NUS graduates ranked 8th most employable worldwide

NUS graduates were ranked the eighth most employable in the world by recruiters, rising up one notch from last year, according to the 2022-2023 Global Employability University Ranking and Survey results.  

NUS also retained its position among the top two in Asia – behind only the University of Tokyo at seventh place – and maintained its spot as the only Singapore university in the top 10. This is the third year in a row that NUS has emerged in the top 10 of the ranking.

Produced by the Paris-based HR consultancy Emerging and published by Times Higher Education, the ranking lists the top 250 universities according to graduate employability based on the views of international recruiters. The universities were assessed on six key drivers identified by businesses as the main contributors to creating employable graduates: academic excellence, internationality, digital performance, focus on work expertise, graduate skills and specialisation.

“We are delighted that NUS graduates across diverse fields have been recognised as eighth in the world by employers in Singapore and globally. It is a testament to the talented students we receive at NUS, and the quality of our professors and programmes,” said an NUS spokesperson.

“With global turmoil and a tightening job situation in the time ahead, the University will strive to ensure that our graduates continue to be grounded in broad-based, interdisciplinary, and lifelong learning, to help them stand out and thrive in a constantly evolving workplace.”  

Ms Sandrine Belloc, Emerging’s Managing Partner, called NUS’ results in this year’s list an “incredible performance”. She noted that the University had swiftly risen up in the ranking over the past decade, moving from 49th place in 2013 to ninth just seven years later in 2020. She added that the University had been rated particularly well in internationality, which considers a university’s international reputation, its international staff and curriculum, and share of international students.

Now in its 12th year, the survey gathered 98,014 votes from participating employers worldwide on which universities taught the key skills that students need to thrive in the workplace. Employers who took part provided around 800,000 graduate jobs or placements in 2022-2023 in total. Respondents of the survey were corporate managers from 24 countries who recruited and/or supervised more than five graduates a year.

Findings from this year’s results showed that digital skills – measured under the graduate skills component – have become the most important factor to employers since the COVID-19 pandemic. The two other key employability drivers regarded as important by recruiters were subject specialisation and work expertise.    

“Today, 92 per cent of respondents to the survey believe universities should do more to increase digital skills.
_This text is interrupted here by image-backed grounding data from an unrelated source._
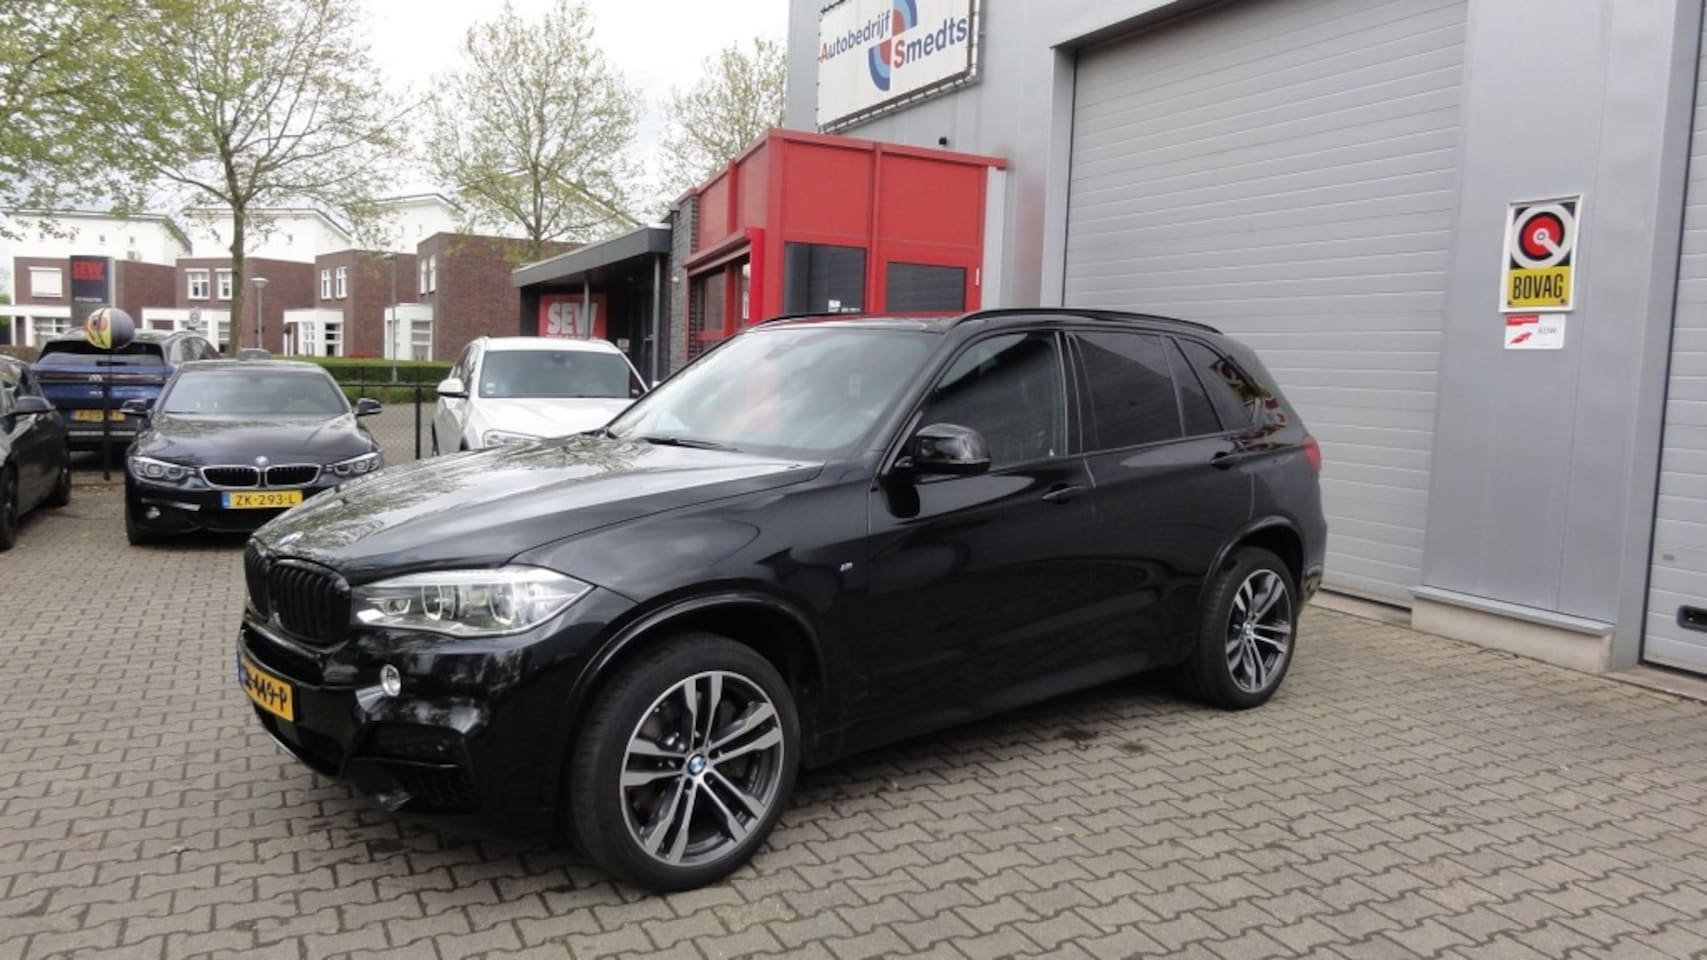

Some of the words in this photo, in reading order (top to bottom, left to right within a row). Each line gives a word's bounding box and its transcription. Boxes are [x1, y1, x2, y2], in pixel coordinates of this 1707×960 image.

[819, 9, 891, 62] Autobedrijf
[893, 16, 968, 69] Smedts
[1512, 273, 1564, 300] BOVAG
[547, 302, 598, 334] SEW
[235, 494, 297, 505] ZK-293-L
Digital skills are not the exclusive concern anymore of computer science faculties and their students, any university digital plan needs a transversal approach that includes all stakeholders,” said Ms Belloc in a press release.

Staying ahead with relevant skills

To equip students with the relevant skills to stay ahead in an increasingly digitalised world that has transformed the work environment, NUS had enhanced its General Education curriculum for students admitted from AY2021-22 to include both Data Literacy and Digital Literacy as part of its six key pillars of knowledge under the curriculum.

In recognition of the importance of a holistic education, the University also offers students global exposure through study-abroad programmes with over 300 partner universities in more than 40 countries. Students can also gain valuable real-world experience through internships at start-ups in entrepreneurial hotspots around the world under the NUS Overseas Colleges programme. As part of the NUS Centre for Future-ready Graduates (NUS CFG) Global Industry Insights programme, students can explore emerging and growth trends across industries by heading overseas to places like Thailand and Indonesia to learn about regional businesses and engage with industry professionals.

To boost the future readiness of NUS students and graduates, the University launched two new digital platforms – the Internship-As-A-Service (IAAS) and conNectUS in January this year. Led by NUS CFG and NUS Enterprise, IAAS is a platform that enables students to take on curated short-stint projects of flexible duration with local and overseas companies whether during the semester or vacations, with all projects recognised as internships. Meanwhile, conNectUS is the University’s professional networking platform allowing NUS students and alumni to connect, exchange career insights and tap into the hidden job market.

NUS CFG also holds career fairs to provide students engagement opportunities with industry players across diverse sectors. Other than large-scale signature fairs like the NUS Career Fest, Internship Day, and Postgraduate Career Fair, this includes the inaugural College of Humanities and Sciences (CHS) Navigator and College of Design and Engineering (CDE) Career Fair, both the result of close collaboration with each college.